> [ACTIVITY]:
Write out each record in full and exactly as given. Skip any pictures.

> [DATA LISTING]:
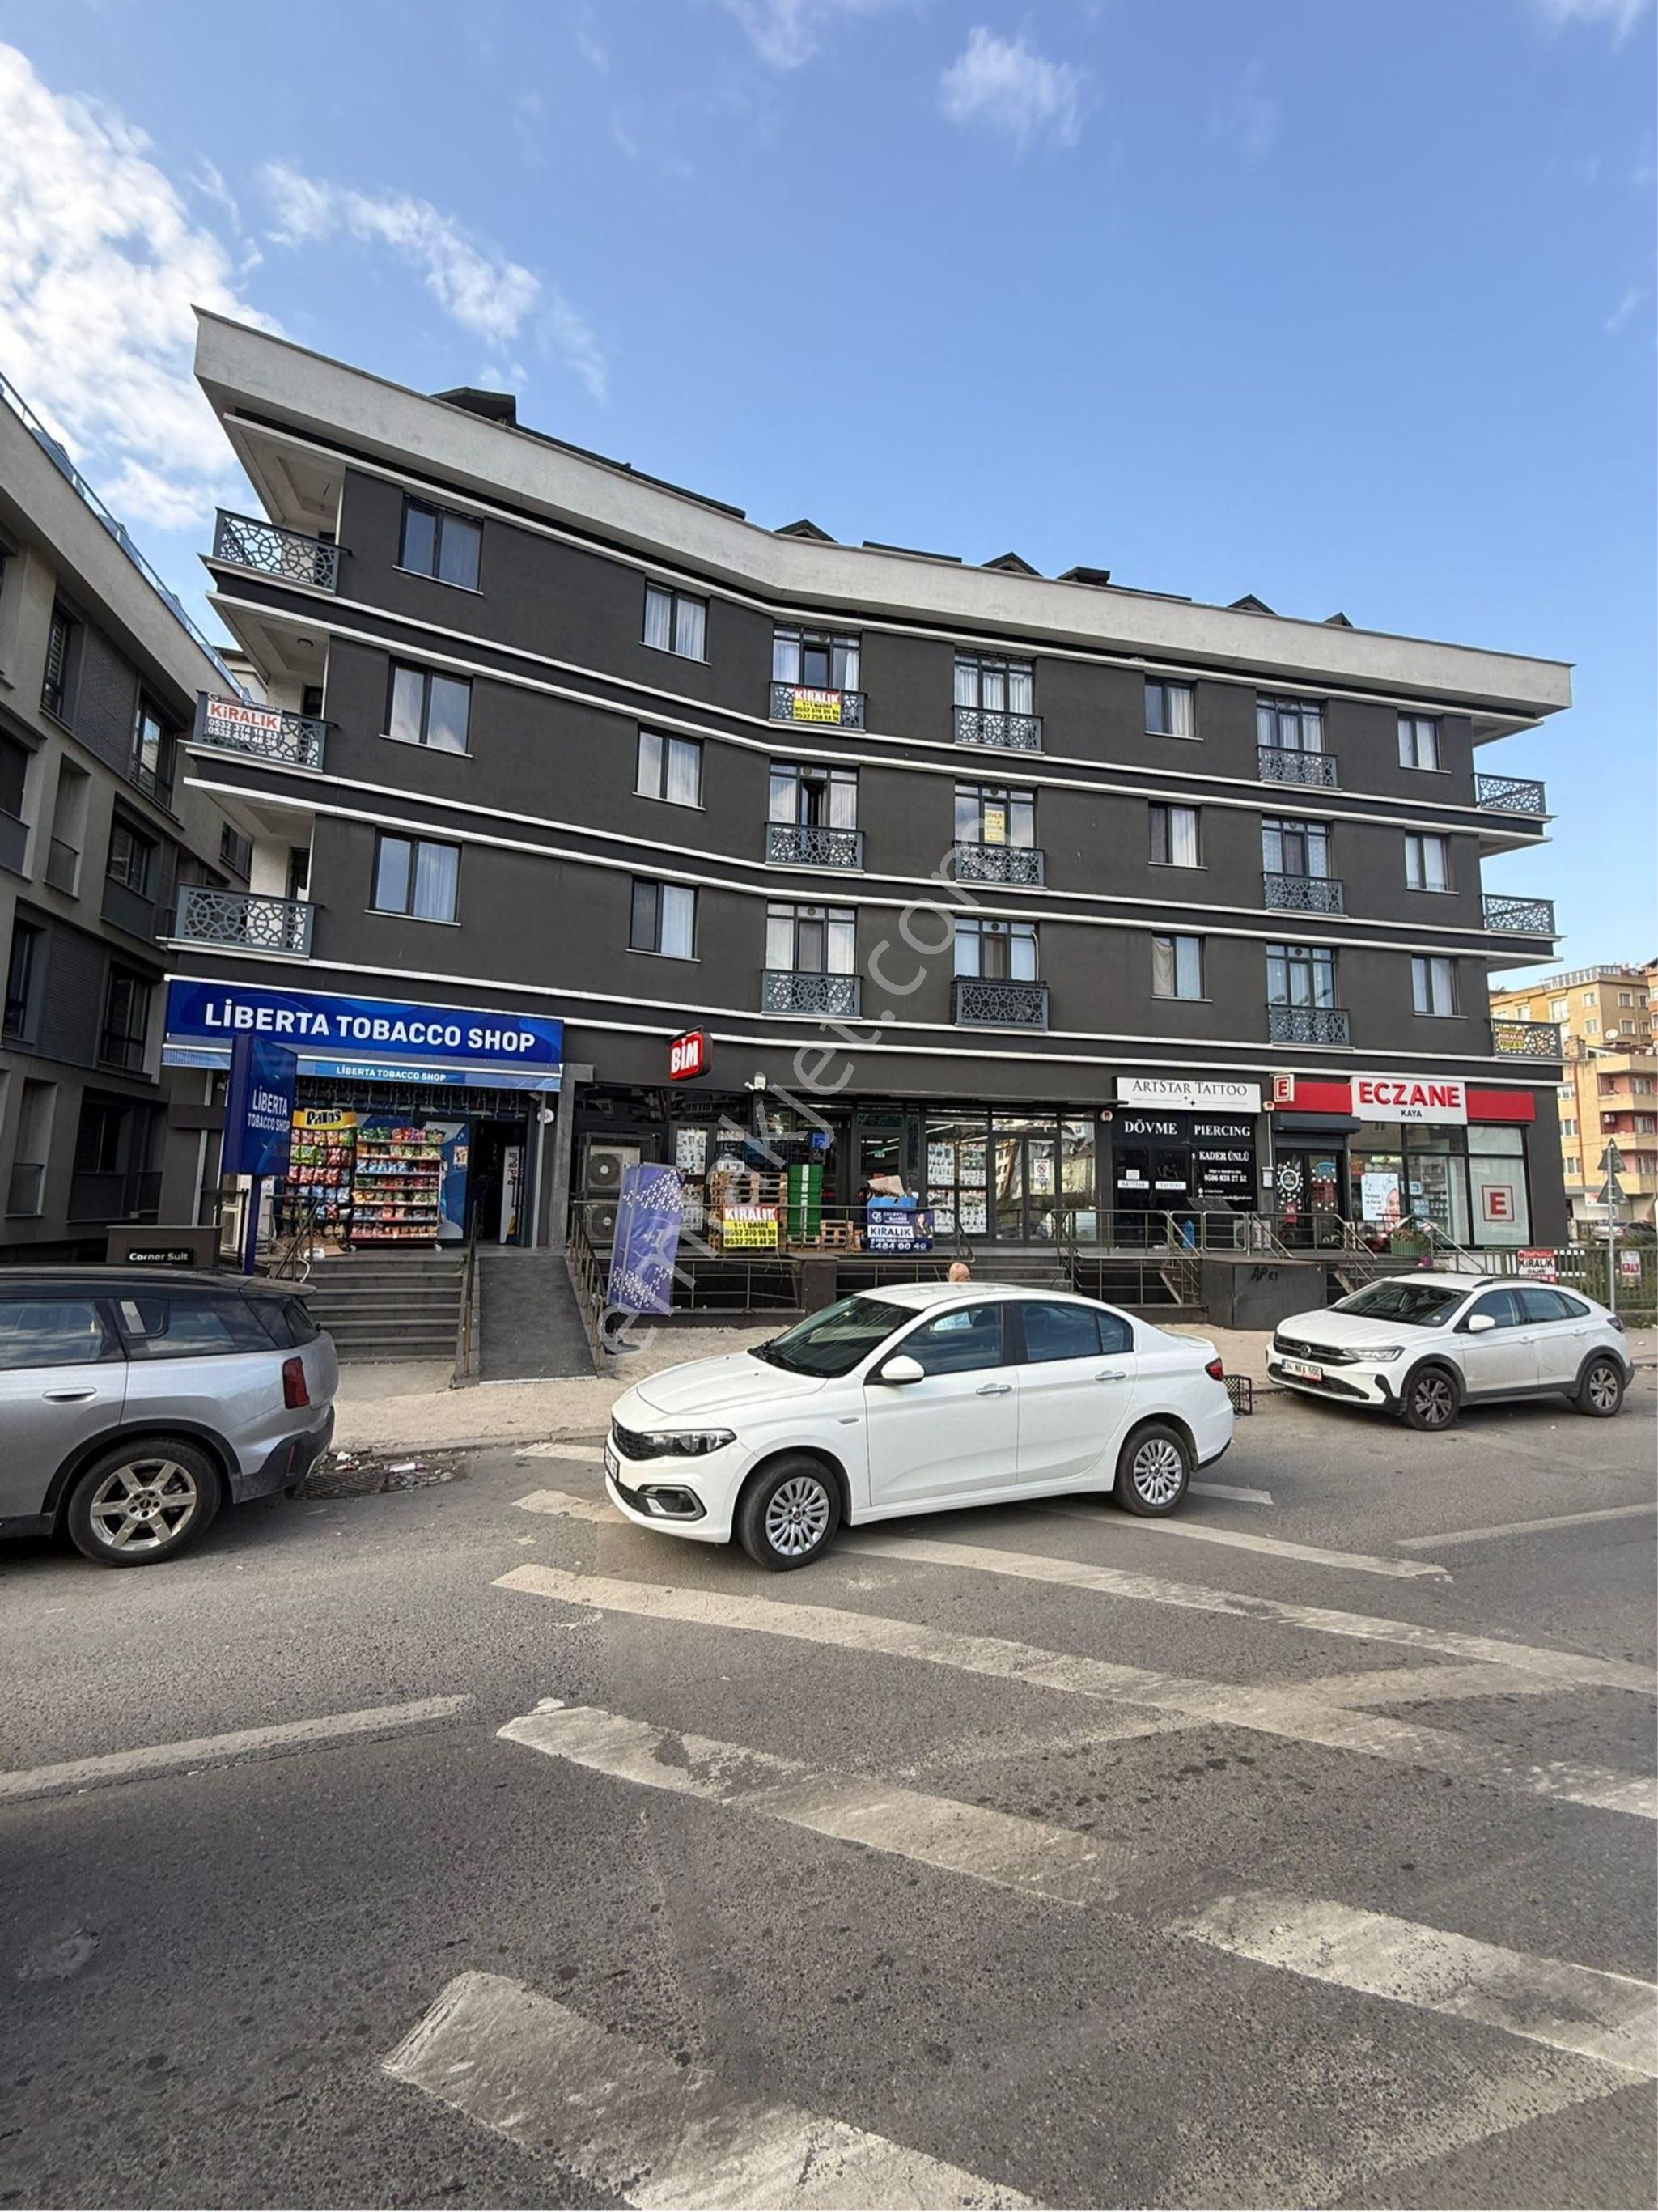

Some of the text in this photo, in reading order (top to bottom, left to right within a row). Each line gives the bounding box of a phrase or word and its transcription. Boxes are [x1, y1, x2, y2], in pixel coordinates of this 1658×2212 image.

[207, 726, 231, 738] 0532
[208, 718, 232, 729] 0532
[234, 724, 251, 734] 374
[205, 999, 536, 1052] LİBERTA TOBACCO SHOP
[671, 1038, 699, 1074] BİM
[336, 1064, 447, 1082] LİBERTA TOBACCO SHOP
[1278, 1081, 1288, 1097] E
[1359, 1081, 1461, 1108] ECZANE
[252, 1085, 289, 1117] LİBERTA
[248, 1112, 290, 1133] TOBACCO SHOP
[1401, 1109, 1423, 1119] KAYA
[1124, 1119, 1251, 1137] DÖVME PIERCING
[1199, 1150, 1227, 1161] KADER
[1489, 1192, 1507, 1215] E
[725, 1238, 744, 1246] 0532
[129, 1252, 189, 1261] Corner Suit

> [WRITTEN ANSWER]:
Some of the text in this photo, in reading order (top to bottom, left to right within a row). Each line gives the bounding box of a phrase or word and its transcription. Boxes are [x1, y1, x2, y2], in pixel coordinates of this 1658×2212 image.

[207, 726, 231, 738] 0532
[208, 718, 232, 729] 0532
[234, 724, 251, 734] 374
[205, 999, 536, 1052] LİBERTA TOBACCO SHOP
[671, 1038, 699, 1074] BİM
[336, 1064, 447, 1082] LİBERTA TOBACCO SHOP
[1278, 1081, 1288, 1097] E
[1359, 1081, 1461, 1108] ECZANE
[252, 1085, 289, 1117] LİBERTA
[248, 1112, 290, 1133] TOBACCO SHOP
[1401, 1109, 1423, 1119] KAYA
[1124, 1119, 1251, 1137] DÖVME PIERCING
[1199, 1150, 1227, 1161] KADER
[1489, 1192, 1507, 1215] E
[725, 1238, 744, 1246] 0532
[129, 1252, 189, 1261] Corner Suit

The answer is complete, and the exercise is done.